Известно, что открытие Колумбом Америки положило также начало энергичному товарообмену между Новым и Старым Светом: европейцы индейцам - бусы, индейцы европейцам - серебро, эти тем - алкоголь, те этим - золото. Ну а в качестве бонуса обе высокоуважаемые стороны обменялись выпестованными в своих краях болезнями: индейцы европейцам подарили сифилис, а европейцы индейцам в отместку туберкулез.

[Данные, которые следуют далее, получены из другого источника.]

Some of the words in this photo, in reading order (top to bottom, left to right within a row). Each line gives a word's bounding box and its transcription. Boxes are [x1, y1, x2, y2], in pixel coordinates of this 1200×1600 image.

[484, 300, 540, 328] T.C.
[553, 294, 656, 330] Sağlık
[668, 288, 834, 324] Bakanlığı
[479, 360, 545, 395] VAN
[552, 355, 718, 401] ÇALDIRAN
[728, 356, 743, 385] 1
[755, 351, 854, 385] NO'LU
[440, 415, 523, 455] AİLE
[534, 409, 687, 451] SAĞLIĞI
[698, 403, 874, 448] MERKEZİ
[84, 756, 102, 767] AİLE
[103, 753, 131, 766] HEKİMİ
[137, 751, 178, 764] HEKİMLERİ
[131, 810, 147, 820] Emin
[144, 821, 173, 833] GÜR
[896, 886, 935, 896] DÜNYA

Так во всяком случае считалось до сих пор. И в самом деле: постколумбова гипотеза происхождения европейского сифилиса (от которого позднее умерли Шуберт, Шопенгауэр и Мане) имеет больше подтверждений, чем доколумбова; в частности, первый случай европейского сифилиса был зафиксирован именно после Колумба - в 1494 году в порту Неаполя. А что касается туберкулеза, то генетический анализ современных американских бактерий Mycobacterium tuberculosis показывает их тесное родство с европейскими, а в Европе туберкулез известен, судя по археологическим данным, уже тысячелетия. Есть основания думать, что он пришел сюда из Африки вместе с первыми гомо сапиенс. Что до Америки, то считалось, что тот отряд, который 13-12 тысяч лет назад перешел из Берингии в Аляску, был таким небольшим (несколько сот особей), что в нем, индейцам на счастье, не нашлось носителей туберкулеза (а также оспы и малярии).

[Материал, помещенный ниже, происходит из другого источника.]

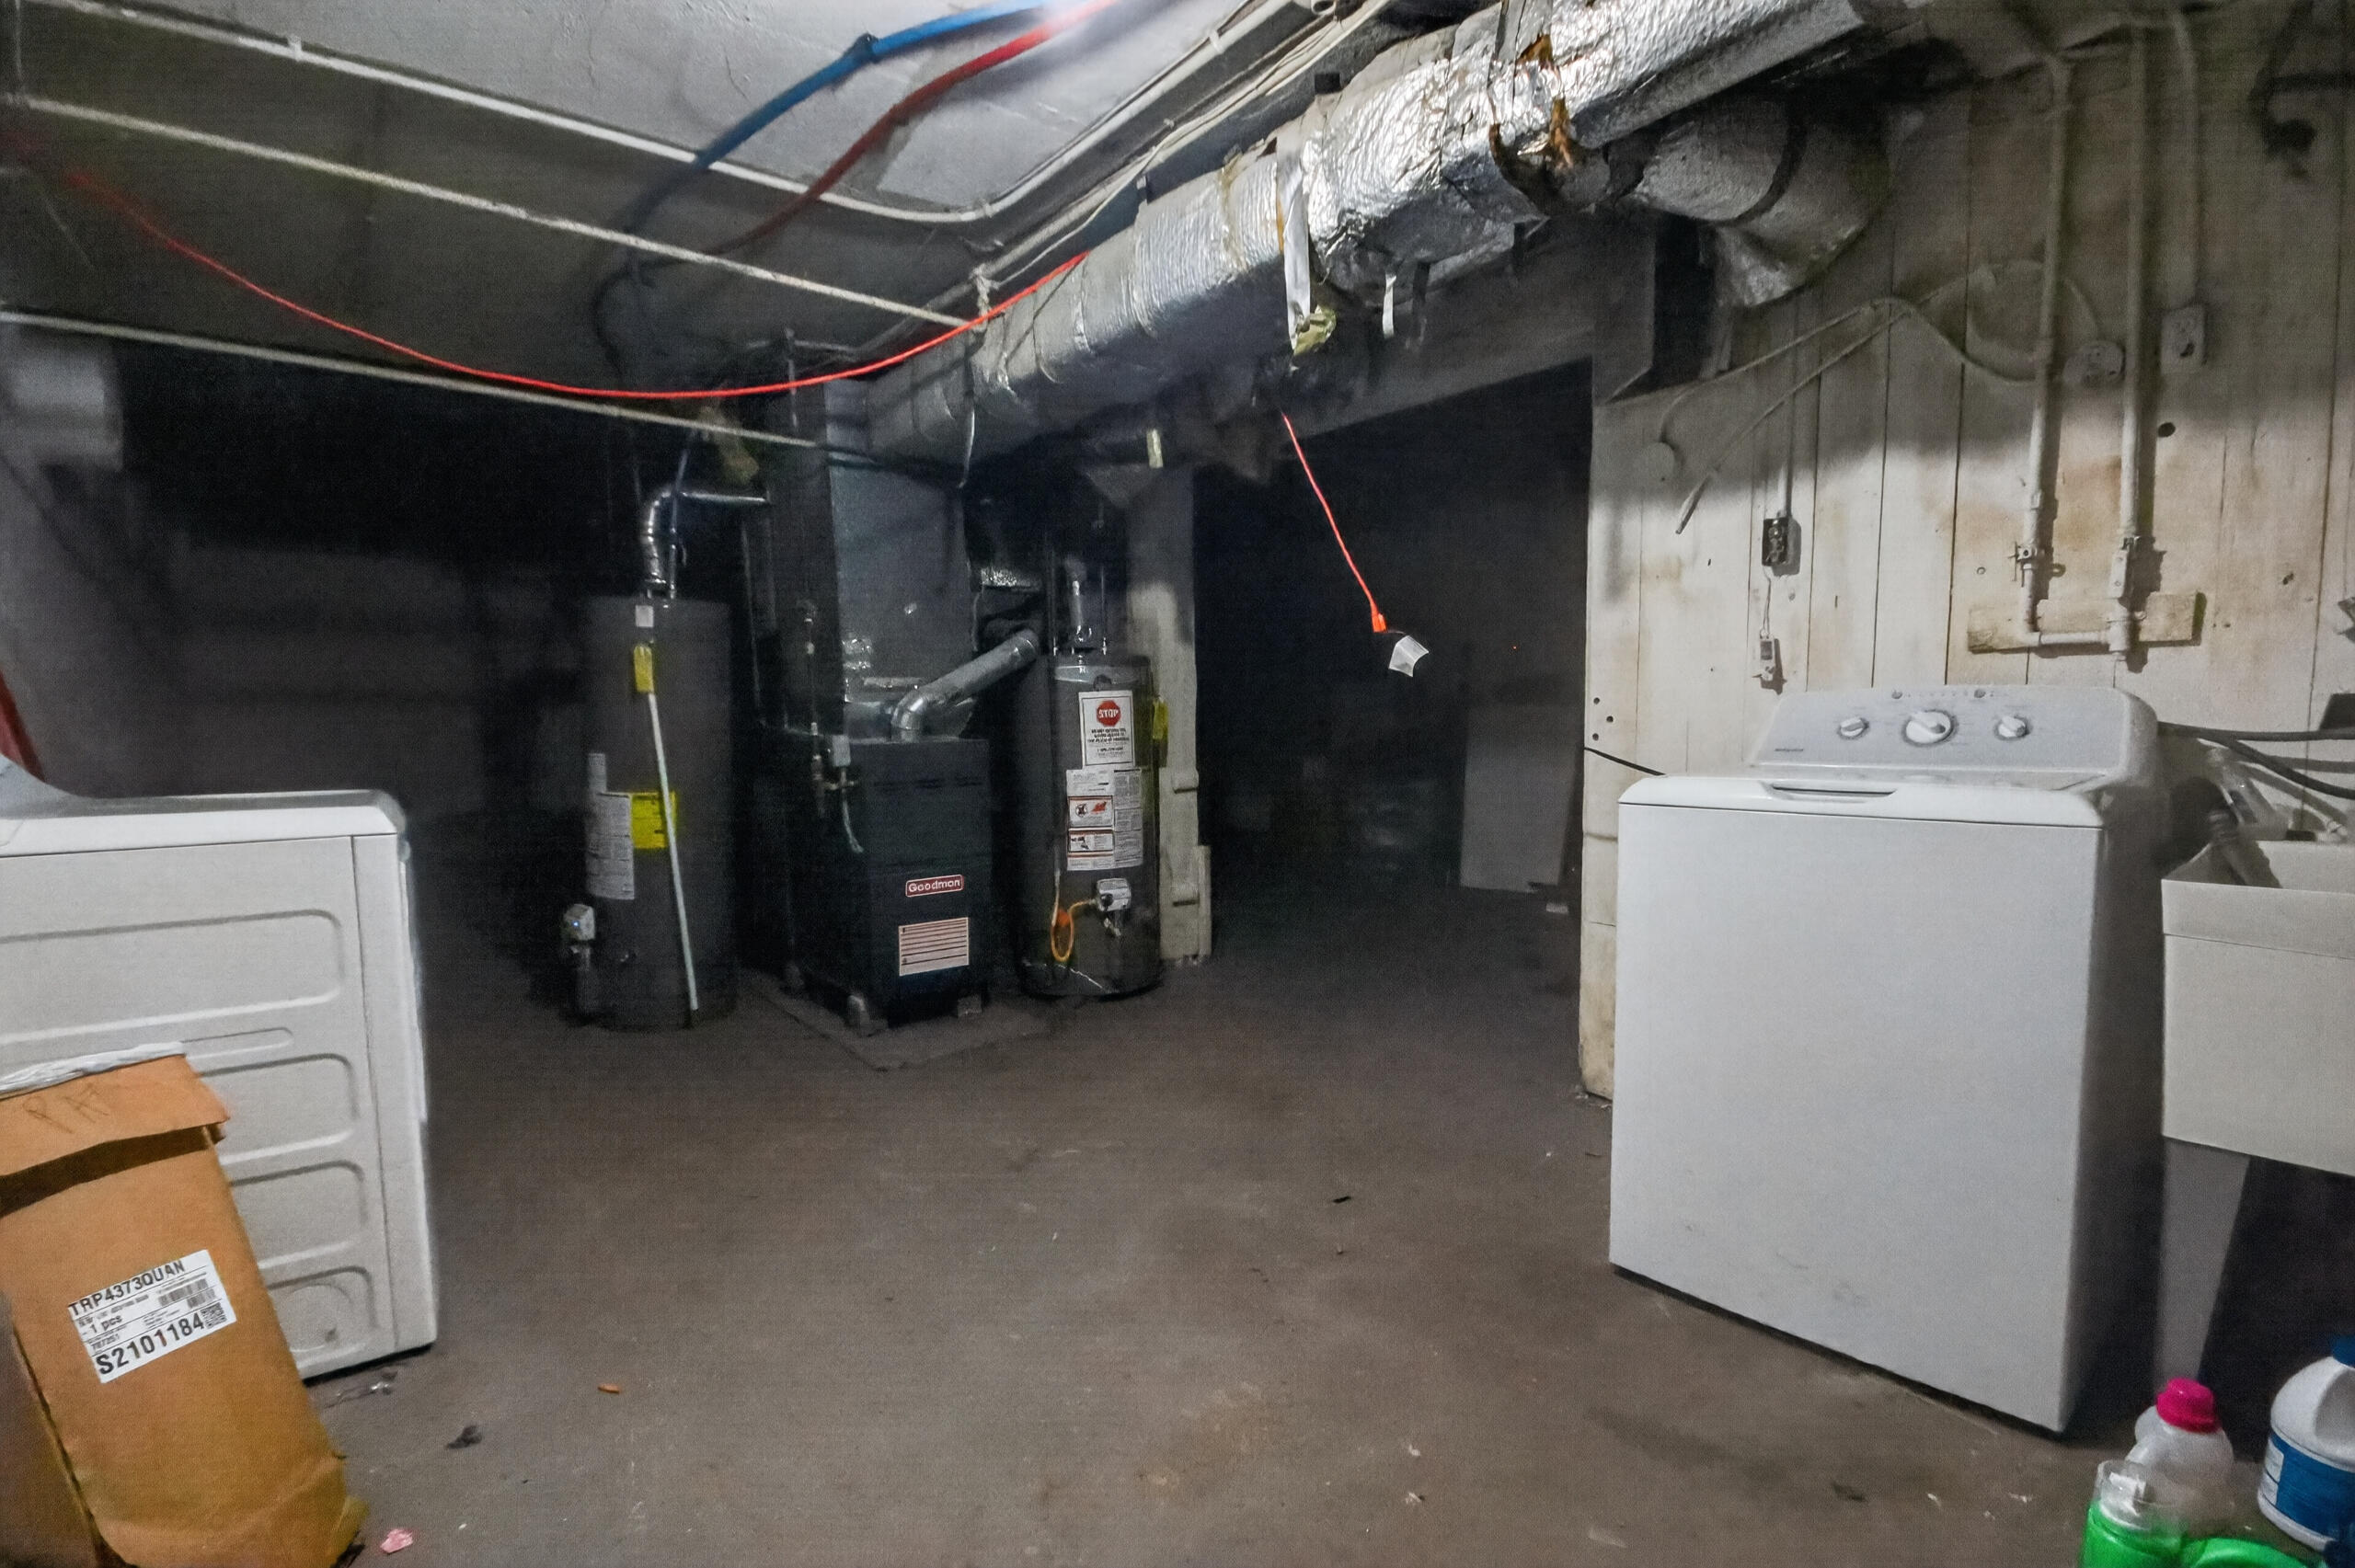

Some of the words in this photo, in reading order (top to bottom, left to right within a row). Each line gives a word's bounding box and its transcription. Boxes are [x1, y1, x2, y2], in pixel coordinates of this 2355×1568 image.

[1098, 709, 1119, 718] STOP
[909, 879, 960, 893] Goodman
[101, 1315, 122, 1331] pcs
[96, 1312, 204, 1375] S2101184

И вдруг сенсация! Американка Анна Стоун и немец Иоханнес Краузе обследовали скелеты 68 древних жителей Южной Америки, найденные на побережьях Перу и Чили, и в трех из них нашли явные свидетельства тяжелого туберкулеза. И при этом радиоуглеродный метод датирования показал, что эти скелеты насчитывают 1028-1280 лет. Это означало, что туберкулез был в Америке задолго до Колумба. Правда, некоторые специалисты тут же заявили, что, возможно, его все-таки занесли первые пришельцы из Берингии, но в такой легкой форме, что он тысячи лет «дремал». Однако Стоун и Краузе опровергли это предположение, показав, что туберкулезные бактерии южноамериканских скелетов имеют весьма мало генетического сходства со своими европейскими сестрами. Зато в их геноме целых 76 мутаций, общих с туберкулезными бактериями тюленей, котиков и морских львов, которые в обилии водятся у южноамериканских берегов. Поэтому можно думать, что первыми занесли туберкулез в Америку именно эти животные.
Да, верна оказалось поговорка: что русскому здорово, то американцу карачун. Впрочем, и наоборот ведь тоже верно, не так ли?